Every line of the data below should be repeated exactly, and no picture should be copied.

Images for object localization:
----------
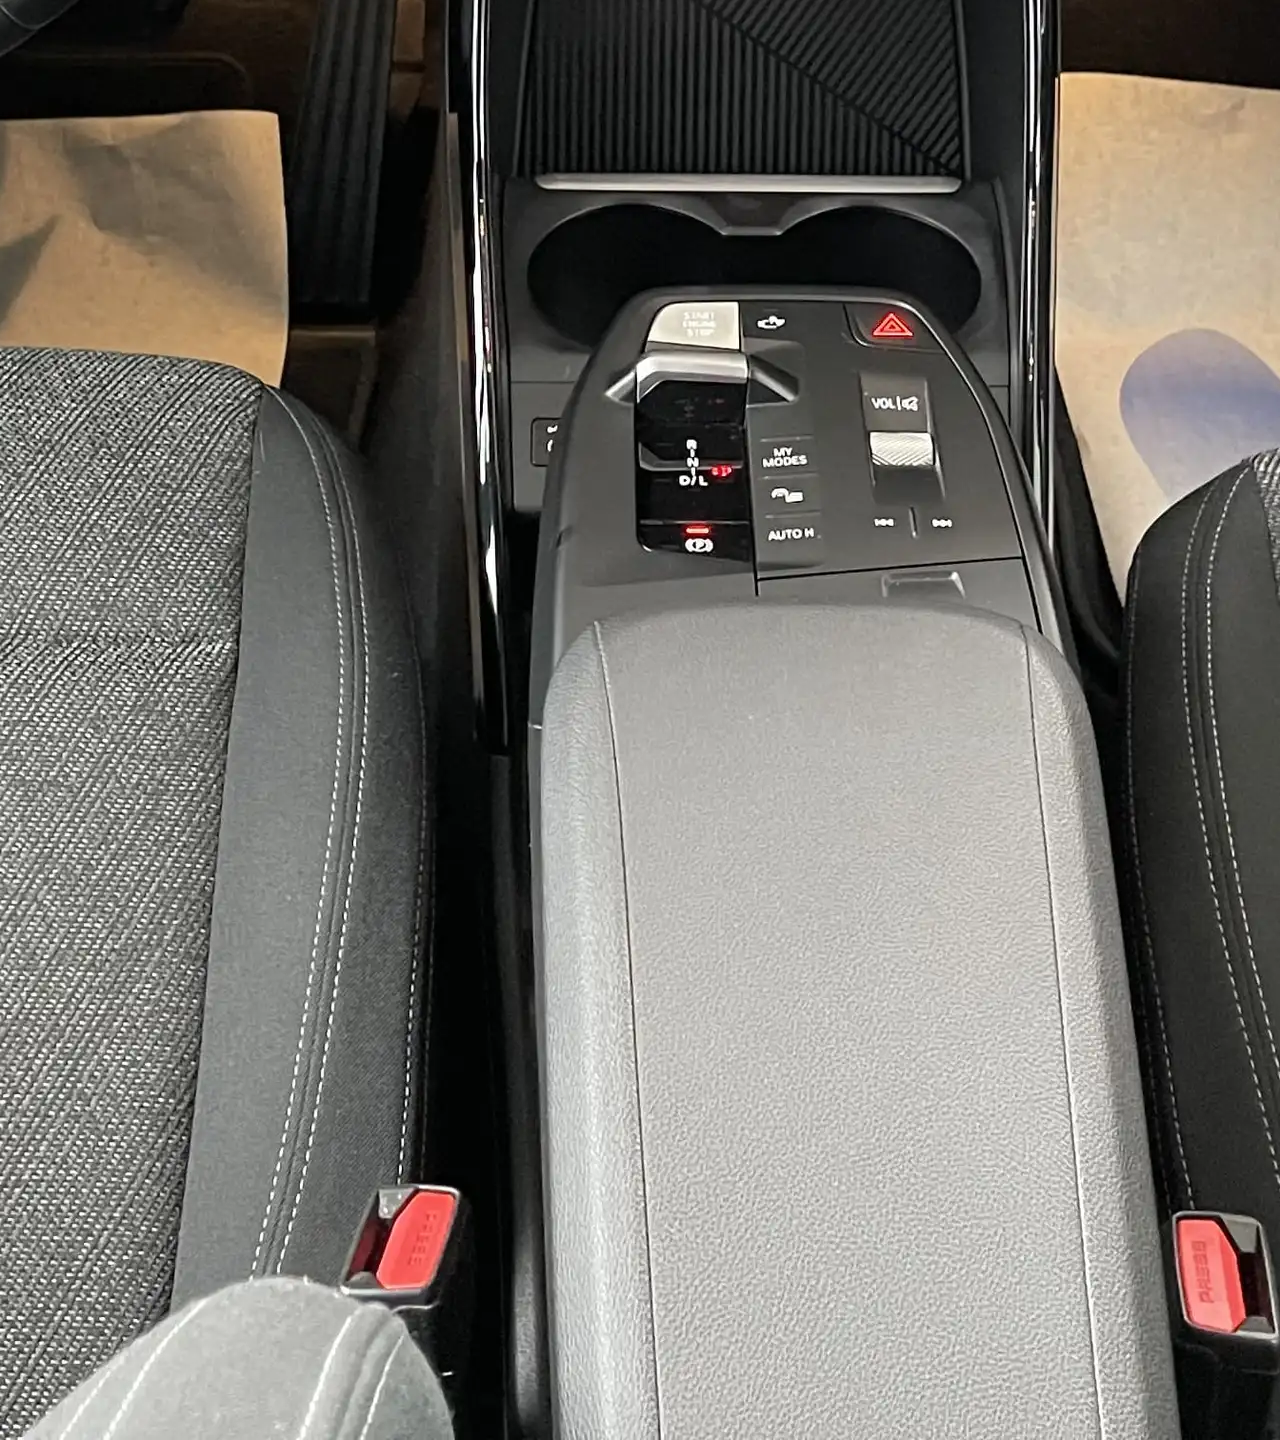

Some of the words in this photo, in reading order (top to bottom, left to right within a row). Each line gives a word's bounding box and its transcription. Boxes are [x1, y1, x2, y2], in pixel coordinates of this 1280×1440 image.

[871, 397, 896, 410] VOL
[773, 447, 793, 457] MY
[686, 457, 699, 468] N
[762, 455, 808, 468] MODES
[768, 528, 803, 541] AUTO
[804, 527, 815, 538] H
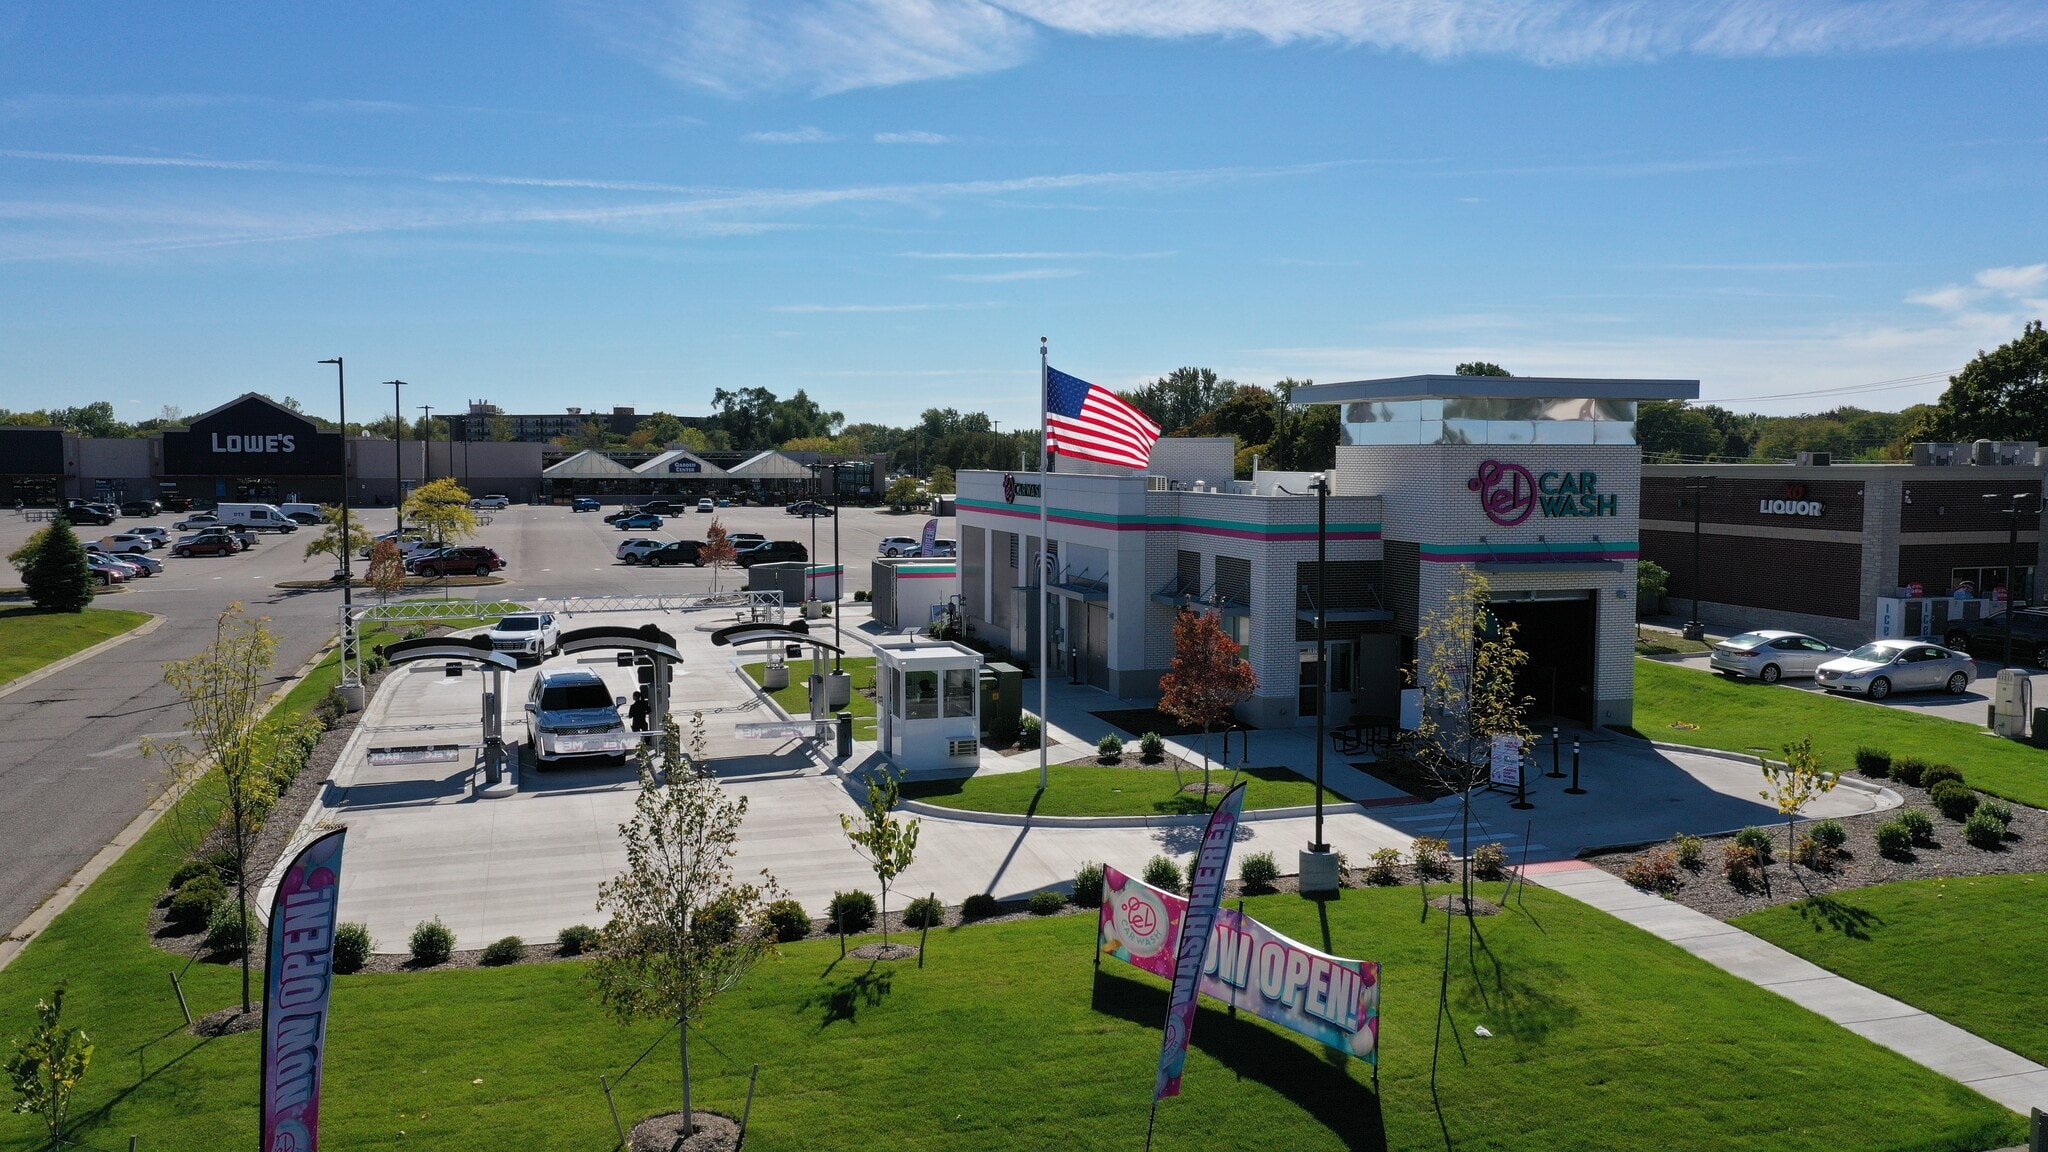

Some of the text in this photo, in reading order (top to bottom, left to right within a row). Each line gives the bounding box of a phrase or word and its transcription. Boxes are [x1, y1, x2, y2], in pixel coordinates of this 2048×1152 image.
----------
SOLUTION TO THE EXERCISE:
Some of the words in this photo, in reading order (top to bottom, left to right within a row). Each line gives a word's bounding box and its transcription. Boxes are [x1, y1, x2, y2], in pixel coordinates of this 1280×1440 image.

[871, 397, 896, 410] VOL
[773, 447, 793, 457] MY
[686, 457, 699, 468] N
[762, 455, 808, 468] MODES
[768, 528, 803, 541] AUTO
[804, 527, 815, 538] H

Some of the text in this photo, in reading order (top to bottom, left to right within a row). Each line gives the bounding box of a phrase or word and its transcription. Boxes are [x1, y1, x2, y2], in pixel coordinates of this 2048×1152 image.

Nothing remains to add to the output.